Autistic Voices has been published by independent health and care champions Healthwatch Cambridgeshire and Healthwatch Peterborough.

The report is now being shared with local authorities and health commissioners to help shape a new All Age Autism Strategy for our area.

Janet Dullaghan. (47076316)
Janet Dullaghan. (47076316)

Janet Dullaghan, county lead for autism strategy, called the report “a really good, comprehensive piece of work.”

And said that the areas highlighted and the report’s recommendations will be incorporated into the new Autism Strategy.

The report reveals: Some of the challenges and long journeys that autistic people have faced to get

diagnosed and find support – highlighting very lengthy waits for assessments of three to five years.

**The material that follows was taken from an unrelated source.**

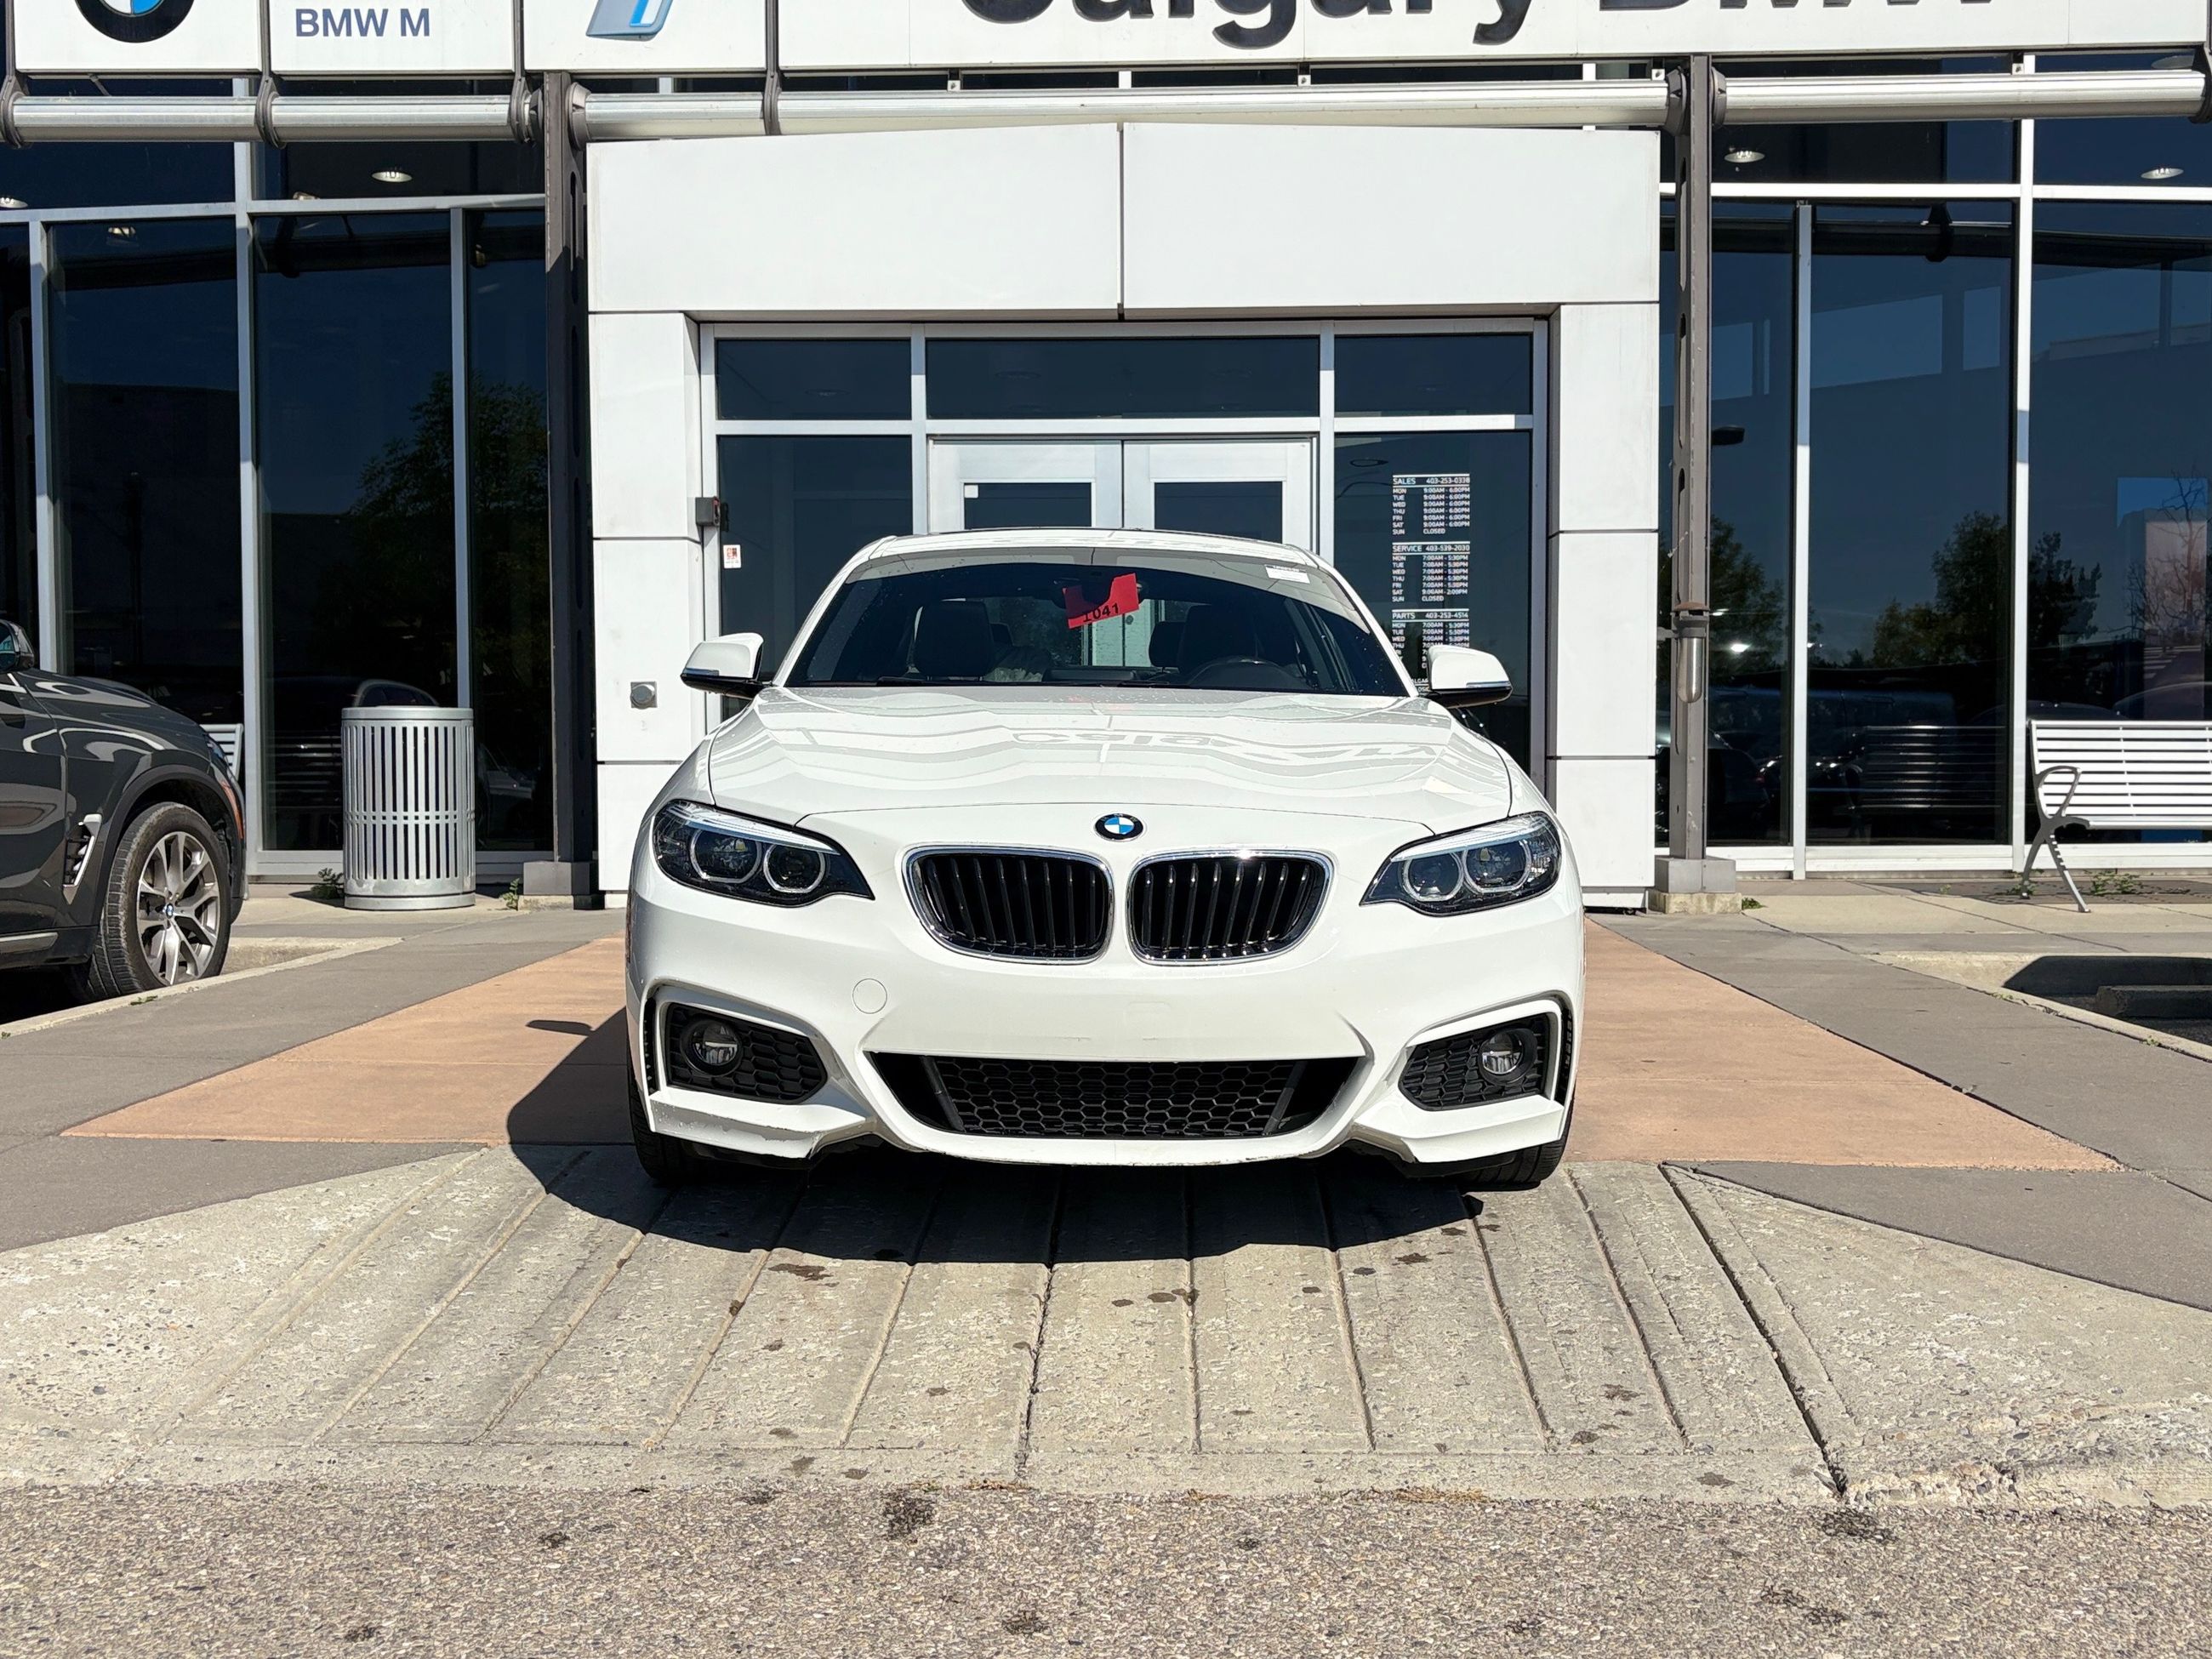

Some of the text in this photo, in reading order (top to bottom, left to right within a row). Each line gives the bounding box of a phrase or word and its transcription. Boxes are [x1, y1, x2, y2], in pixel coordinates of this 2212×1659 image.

One person said it had taken a decade to get their diagnosis because of the many barriers to getting help.

The report also underlines the difficulties autistic people experienced in getting reasonable adjustments to help them stay in work and access health care.

How people have felt dismissed, excluded and misunderstood – with some suffering in silence for years.

“There has been absolutely no support whatsoever.”

“I have been in and out of therapy for more than half of my life and I am still trying to find somebody who not only has an understanding of autism, but also knows how autism can affect your mental health, your daily life.”

“My child has been described as ‘low functioning’ as they are non-speaking, but he is still working at GCSE level in some subjects. It is a very disparaging way to describe a human being.”

“In an ideal world, I would like to get rid of the stigma (around autism).”

Healthwatch is recommending:

 Easier access to the diagnostic service

 Shorter waiting times for assessments and diagnosis

 More awareness of female autism

 Making sure healthcare staff better understand the needs of autistic people

 Better identification and treatment for autistic people’s mental health problems

 More support after diagnosis to give autistic people help with education, training, work, benefits and independent living

 Clear and up to date information on autism, local services and support – in digital and offline formats.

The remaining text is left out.